City Councilors discussed the recent troubles surrounding the Chelsea Pride Football and Cheer team at its Monday night meeting.
During the public speaking portion of the Sept. 11 council meeting, several parents informed the council that the Chelsea Pride team had been removed from the Northeast Commonwealth Youth Football and Cheer league prior to the first game due to allegations that the team had falsified medical records of some team members.
Inquiries to the Northeast Commonwealth Youth Football league were not answered.
Since that Sept. 11 meeting, members of the Chelsea Pride leadership met with some parents and refunded some of the league fees they had already paid, according to Councilor-at-Large Damali Vidot.

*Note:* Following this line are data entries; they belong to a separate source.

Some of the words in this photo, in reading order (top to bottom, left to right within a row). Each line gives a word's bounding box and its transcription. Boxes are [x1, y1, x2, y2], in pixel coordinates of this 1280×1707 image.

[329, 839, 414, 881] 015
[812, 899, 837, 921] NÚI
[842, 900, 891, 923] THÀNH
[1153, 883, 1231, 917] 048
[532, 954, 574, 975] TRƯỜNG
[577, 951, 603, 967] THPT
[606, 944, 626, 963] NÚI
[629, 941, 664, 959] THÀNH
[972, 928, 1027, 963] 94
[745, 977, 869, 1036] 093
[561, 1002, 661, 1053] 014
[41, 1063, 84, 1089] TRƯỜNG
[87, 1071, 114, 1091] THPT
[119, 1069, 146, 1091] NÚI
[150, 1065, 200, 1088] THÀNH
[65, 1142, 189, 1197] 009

According to Council President Leo Robinson and several other councilors present at the meeting, it was announced that Chelsea Pride members could participate in the New England Flag Football League once a week. Robinson noted that the Northeast Commonwealth Youth Football League would also allow Chelsea athletes to play on teams in surrounding communities.

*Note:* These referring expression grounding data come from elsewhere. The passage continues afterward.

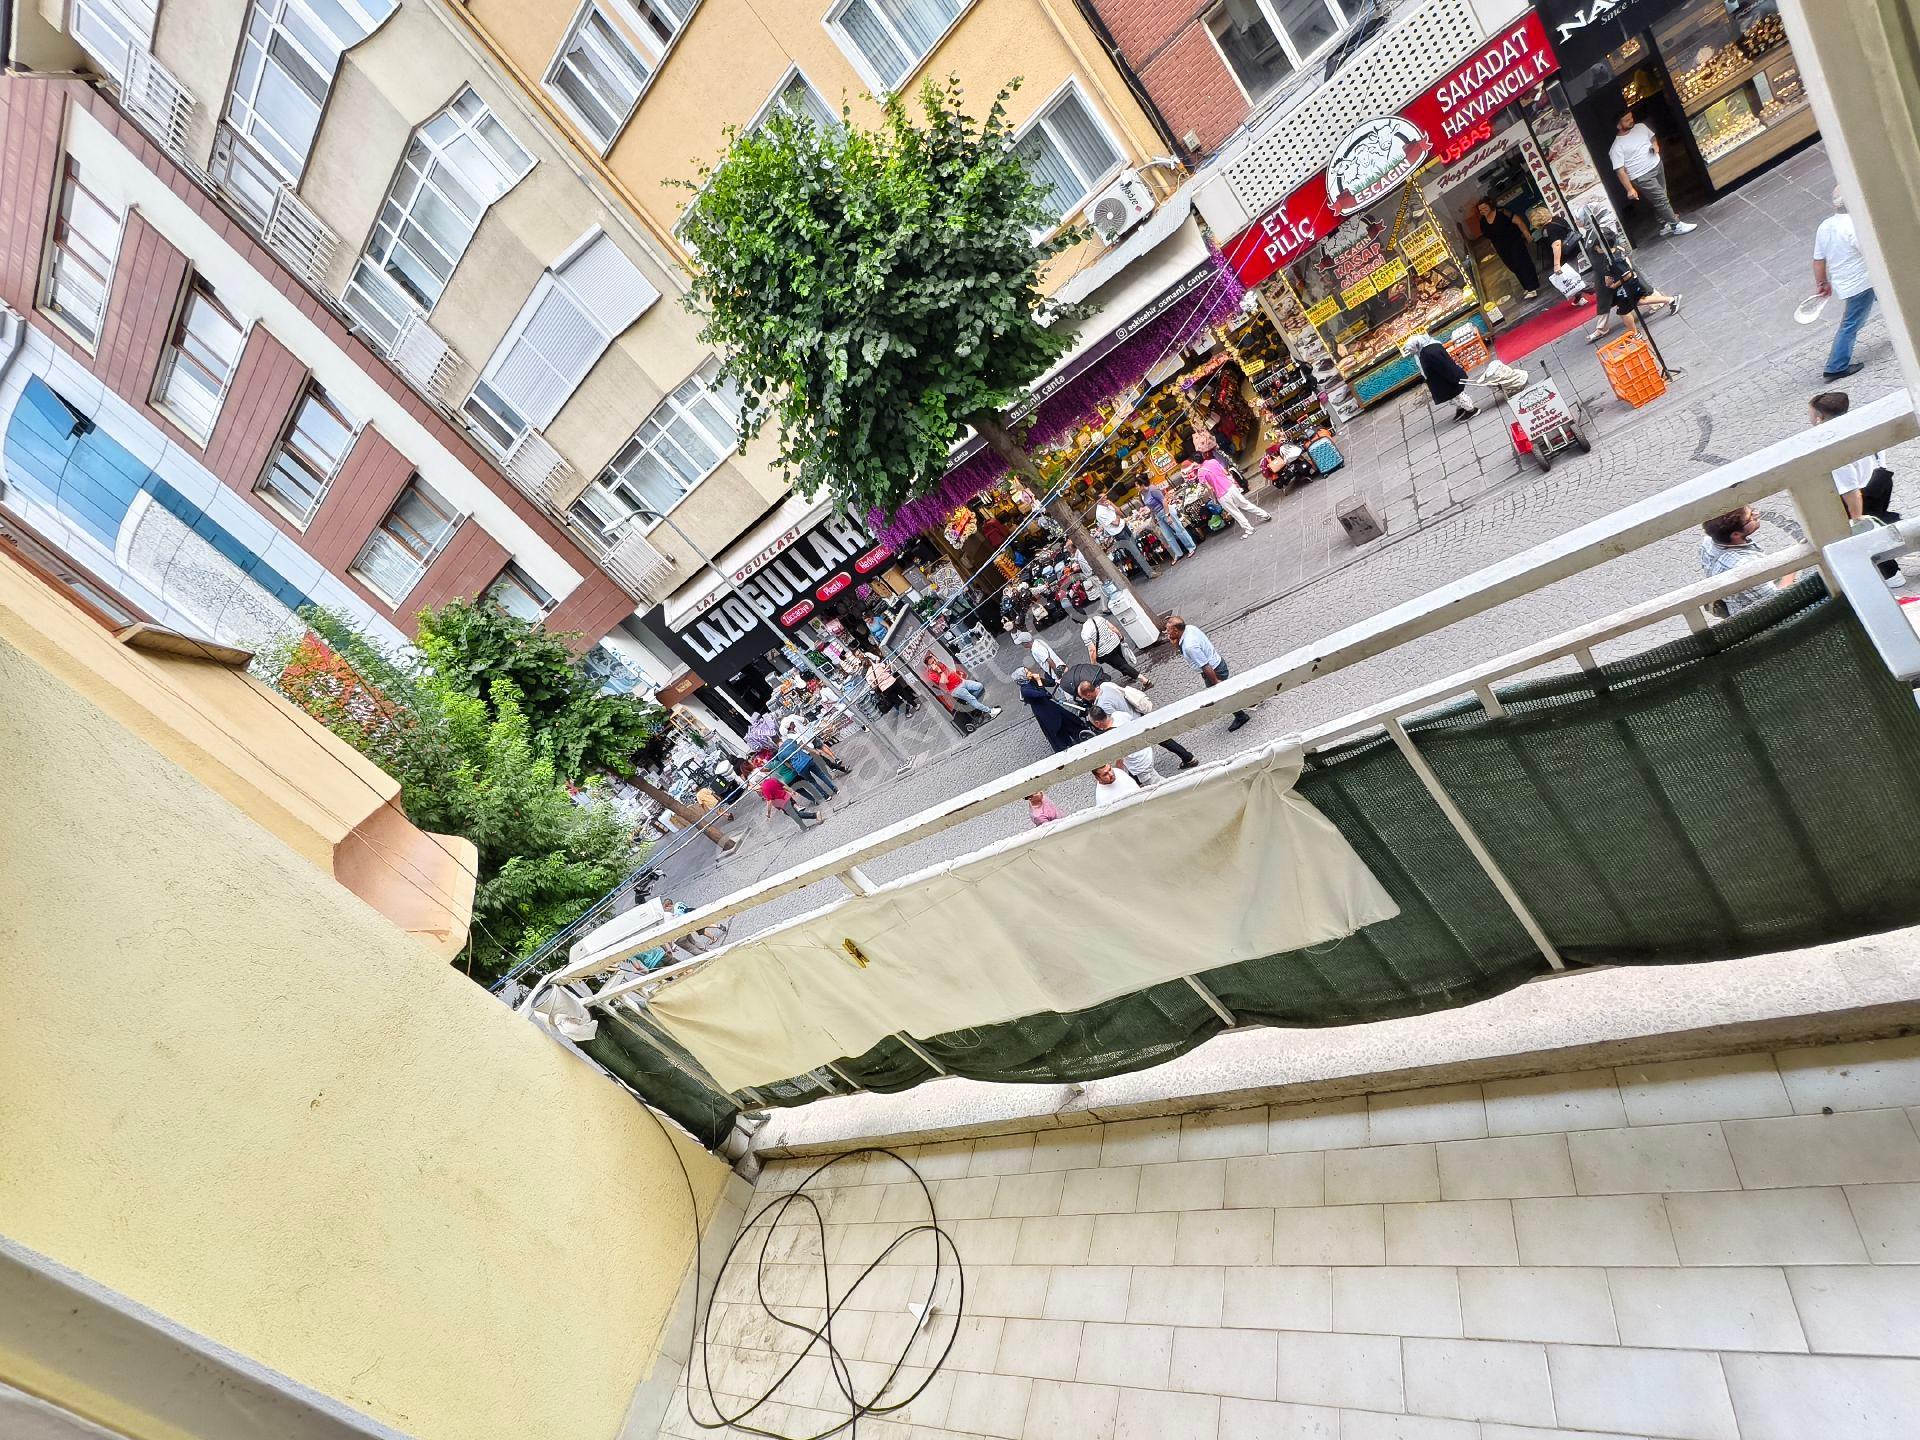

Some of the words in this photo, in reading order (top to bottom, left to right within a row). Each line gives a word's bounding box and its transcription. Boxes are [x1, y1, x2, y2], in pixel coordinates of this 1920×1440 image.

[1556, 0, 1620, 45] NA
[1600, 2, 1628, 26] Since
[1436, 27, 1530, 113] SAKADAT
[1523, 141, 1547, 182] DANA
[1261, 205, 1287, 237] ET
[1263, 217, 1315, 264] PİLİÇ
[1411, 241, 1440, 262] KAMPANYA
[1334, 243, 1381, 279] KASAP
[1372, 260, 1398, 279] KASAP
[1530, 411, 1563, 432] SAKADAT
[696, 592, 719, 613] LAZ
[823, 580, 845, 598] Plastik

Robinson also noted that there will be a reorganization of the Chelsea Pride leadership and board to address issues heading into next season.
Still, the issues surrounding Chelsea Pride and the city’s sometimes bumpy history with youth sports concerned several councilors who wanted to look at ways the city can help prevent future issues and ensure credible and well-run sports organizations for the city’s youth.

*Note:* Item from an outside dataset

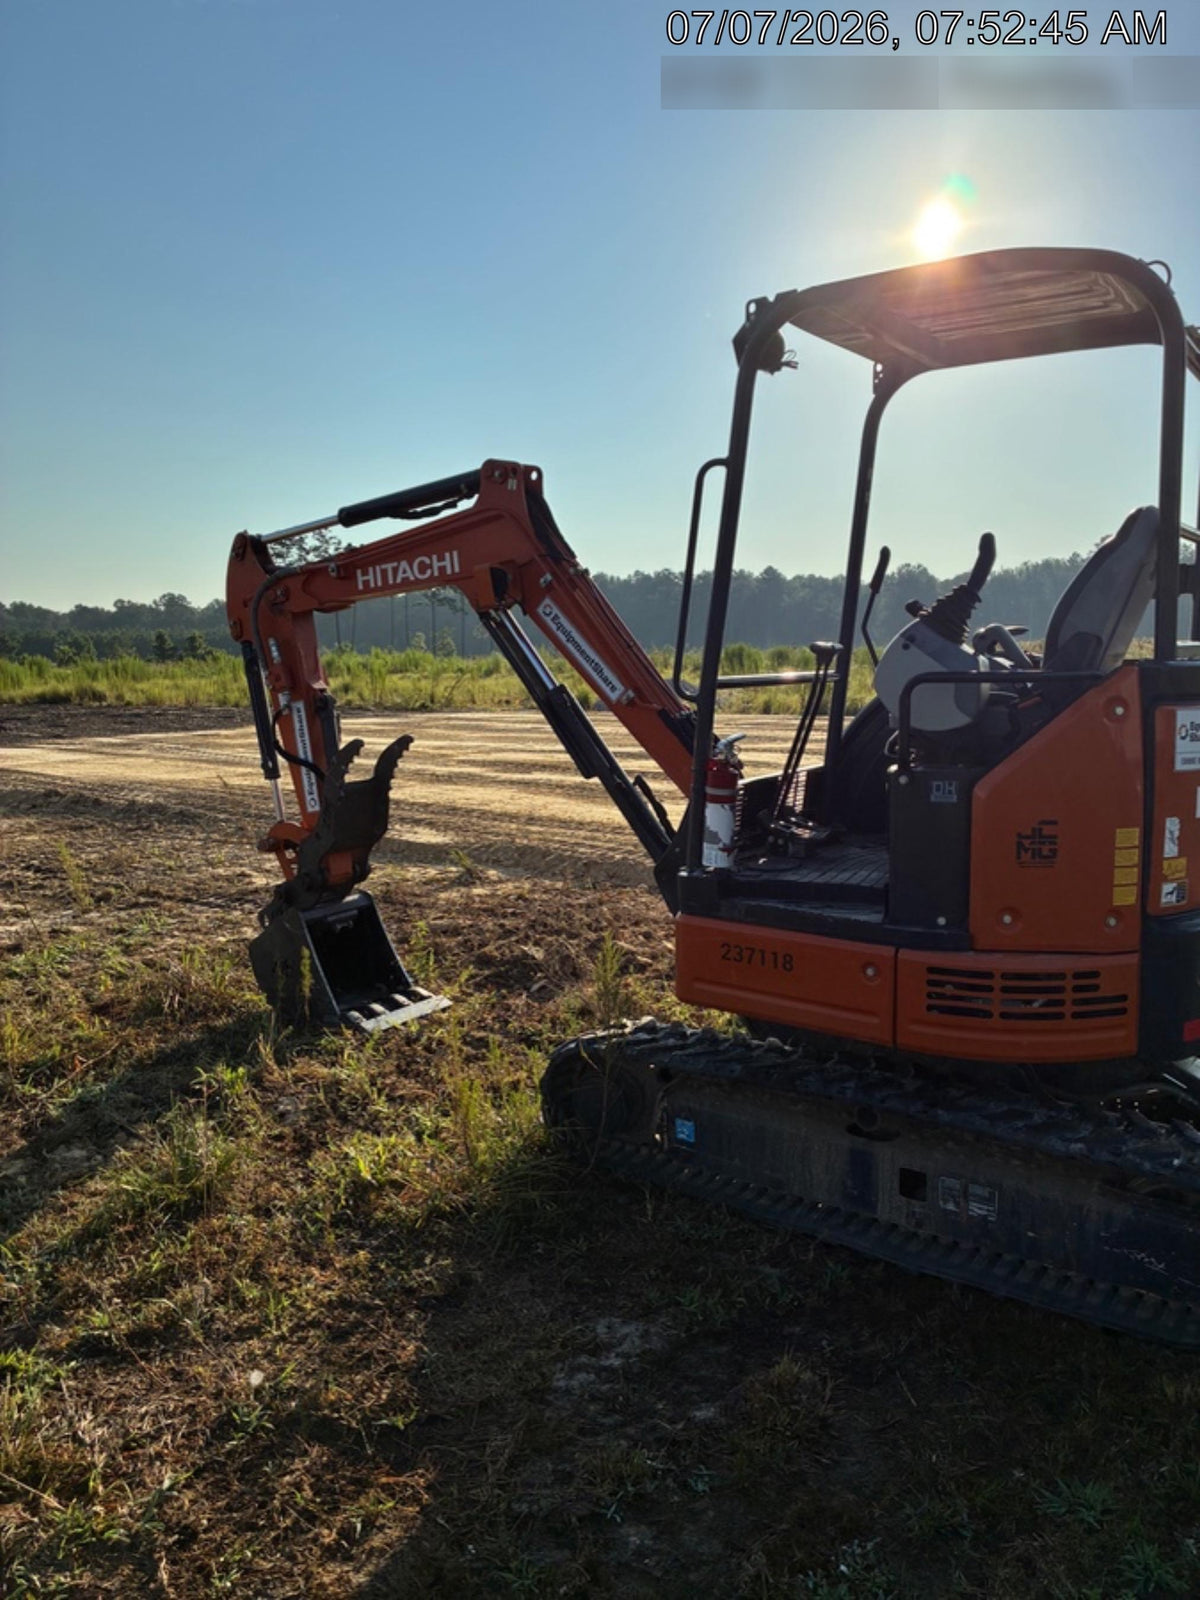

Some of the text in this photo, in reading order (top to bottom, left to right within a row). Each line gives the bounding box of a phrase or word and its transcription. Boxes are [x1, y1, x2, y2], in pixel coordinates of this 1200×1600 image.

[356, 550, 460, 590] HITACHI
[550, 614, 618, 694] EquipmentShare
[721, 942, 795, 973] 237118

“I think we keep brushing over the fact that they falsified medical records, because I think to me, that is the biggest thing,” said Vidot.
Vidot said it is incumbent upon the city to hold the sports organizations accountable for their actions, whether through having a bigger hand in the leagues or demanding more paperwork from teams that operate in the city.
“I’m tired of people taking advantage of our young people,” said Vidot, adding that she was looking for the council to hold a meeting with the leadership of Chelsea Pride to discuss the issues.
District 8 Councilor Calvin Brown also said the city needs to take some steps to make sure organizations such as youth sports are in good standing with their leagues and with the city.
District 4 Councilor Todd Taylor noted that Chelsea Pride is an independent organization and not under the supervision of the city.
“We can’t go in and tell a nonprofit how to run their business or what they do or hold them accountable in a certain way,” said Taylor, although he added the city does have some oversight if the team uses city funds. “The whole situation is unfortunate, and my main concern out of all of this is basically that kids in Chelsea have an option to play football here. Whatever happened with Pride, so be it, they did what they did and now they are in the situation they are in; that has nothing to do with us.”
Taylor said the city’s responsibility now is to make sure there is an option going forward for the kids.
“We need some sort of option, so if the city needs to get involved or use our leadership to try to facilitate something going forward, I’m all in for that and I’ll try to make that happen,” said Taylor.
District 3 Councilor Norieliz DeJesus noted that the kids in the city need outlets like youth sports, and that many parents are not able to get as involved as they want to because they have to work multiple jobs.
“I worry the most right now about the kids in the league and how can we as a council really move things quickly to secure that whatever these coaches are doing, that the kids still have something productive to do this season,” DeJesus said.
District 7 Councilor Tanairi Garcia said she was at the Chelsea Pride meeting last week. She said while the meeting was uncomfortable, she was happy that the kids at least have the opportunity to take part in the flag football league.
District 6 Councilor Giovanni Recupero noted that while Chelsea Pride is currently out of commission, there is Pop Warner football once again active in the community.